Oscar Bento Ribas (17 August 1909 – 19 June 2004) was an Angolan writer.

Ribas was born in Luanda, the son of Arnaldo Gonçalves Ribas (who was Portuguese) and Maria de Conceição Bento Faria (Angolan). His first publications were two novels: Nuvens que passam (Clouds that pass) in 1927 and Resgate de uma falta (Rescue of a lack) in 1929.

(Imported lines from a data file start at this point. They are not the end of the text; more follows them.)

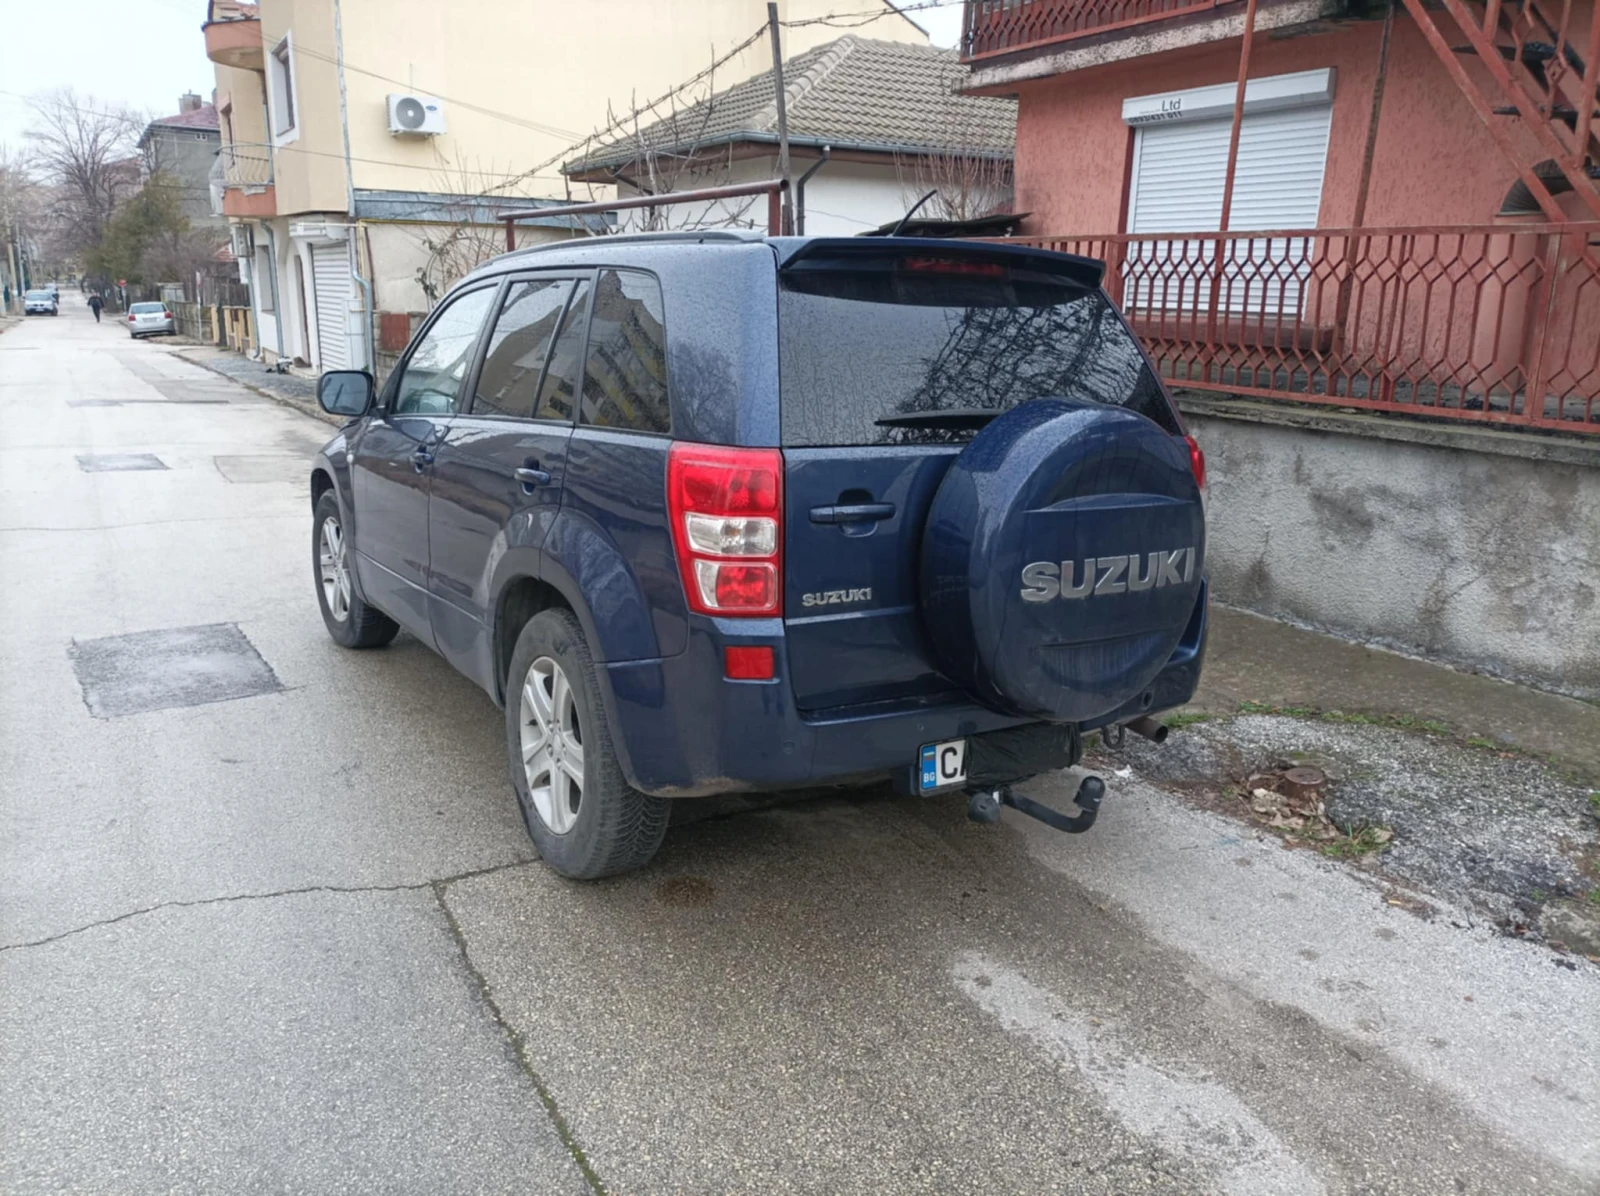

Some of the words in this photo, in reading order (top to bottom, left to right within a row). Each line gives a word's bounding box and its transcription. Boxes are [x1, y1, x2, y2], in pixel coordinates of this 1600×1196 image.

[1162, 98, 1181, 112] Ltd
[1020, 547, 1196, 602] SUZUKI
[802, 587, 872, 607] SUZUKI
[923, 771, 935, 783] BG
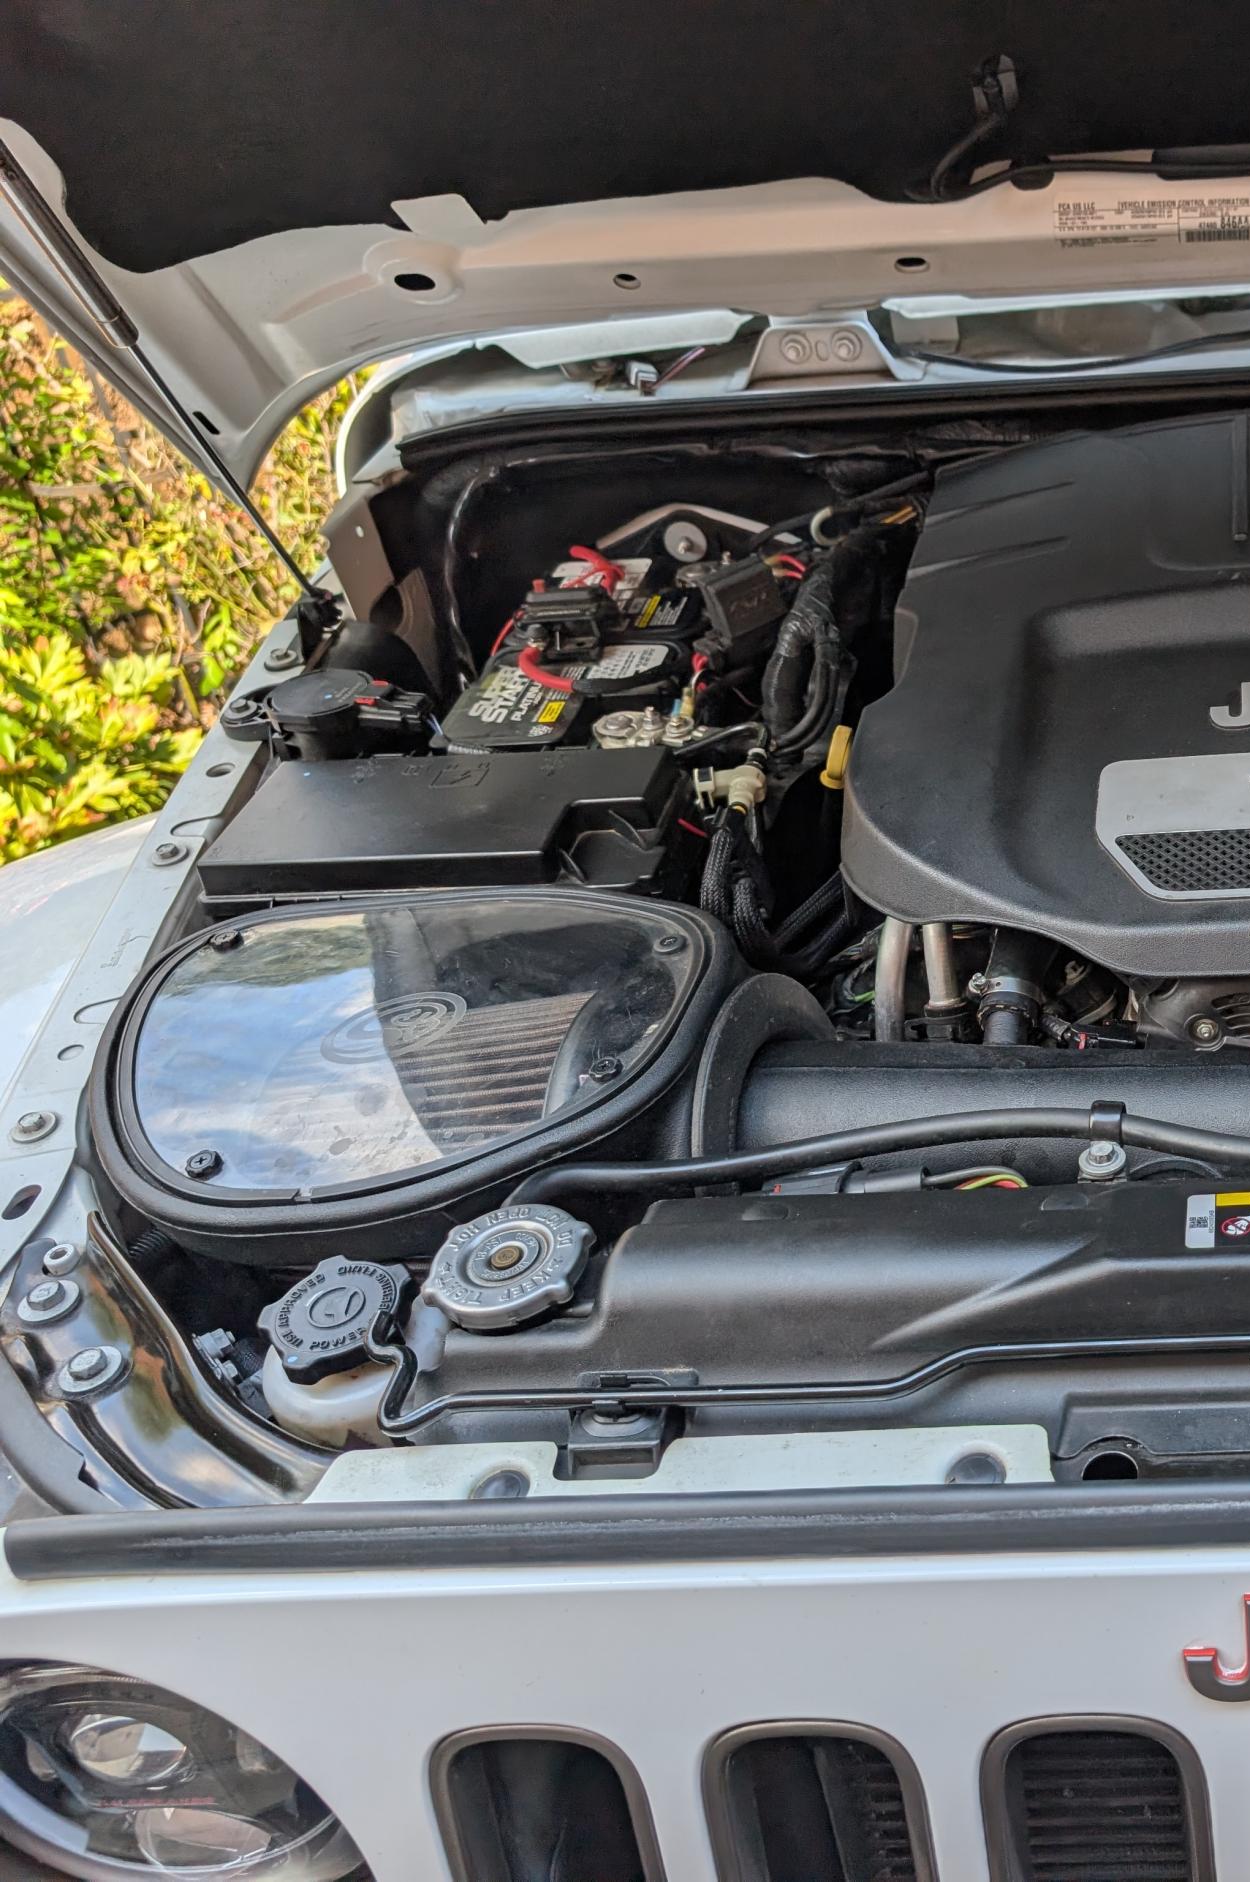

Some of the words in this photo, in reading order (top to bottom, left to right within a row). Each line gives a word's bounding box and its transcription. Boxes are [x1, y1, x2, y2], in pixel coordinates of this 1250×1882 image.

[1083, 202, 1095, 210] LLC
[1120, 200, 1145, 209] VEHICLE
[1146, 199, 1177, 209] EMISSION
[1178, 199, 1205, 208] CONTROL
[1207, 197, 1249, 206] INFORMATION
[481, 668, 528, 723] STAR
[510, 682, 543, 721] PLATINU
[486, 1207, 532, 1226] OPEN
[535, 1213, 570, 1231] NOT
[448, 1223, 481, 1252] HOT
[556, 1229, 573, 1249] DO
[337, 1265, 379, 1277] FLUID
[435, 1274, 484, 1305] TIGHT
[500, 1271, 552, 1302] KEEP
[309, 1326, 368, 1350] POWER

Ribas suffered from gradual loss of eyesight in his 20s. Nevertheless, he continued to research and write. In 1950 he published: Flores e espinhos (Flowers and Thorns) and Uanga ( Magic ) and in 1952 Ecos da minha terra (Echoes of my land). Together with Echoes Of My Land and The Evil Spell (1951), Ribas's writings took on a distinct African character. The Evil Spell is about the marriage of an African man and woman. It is interwoven with Mbundu fables, songs, and folklore. In 1969, Ribas published an expanded edition of the novel.

==Researches==
Ribas also conducted and published seminal researches. In 1958 Ribas published Ilundo: Angolan Divinations and Rites, his 18-year study of Mbundu culture and religion. His second publication on Angolan culture was Missosso: Traditional Angolan Literature. This three-volume work was published in 1961. It was a linguistic work that also contained a vernacular dictionary and Portuguese translations of Angolan tales. The fascination Ribas had for Angolan culture and his affection for the country received in-depth treatment in his autobiography All of This Happened (1975).

He was awarded the Medal Gonçalves Dias for the National Library of Rio de Janeiro in 1968.

Ribas died on 19 June 2004 in Lisbon, Portugal.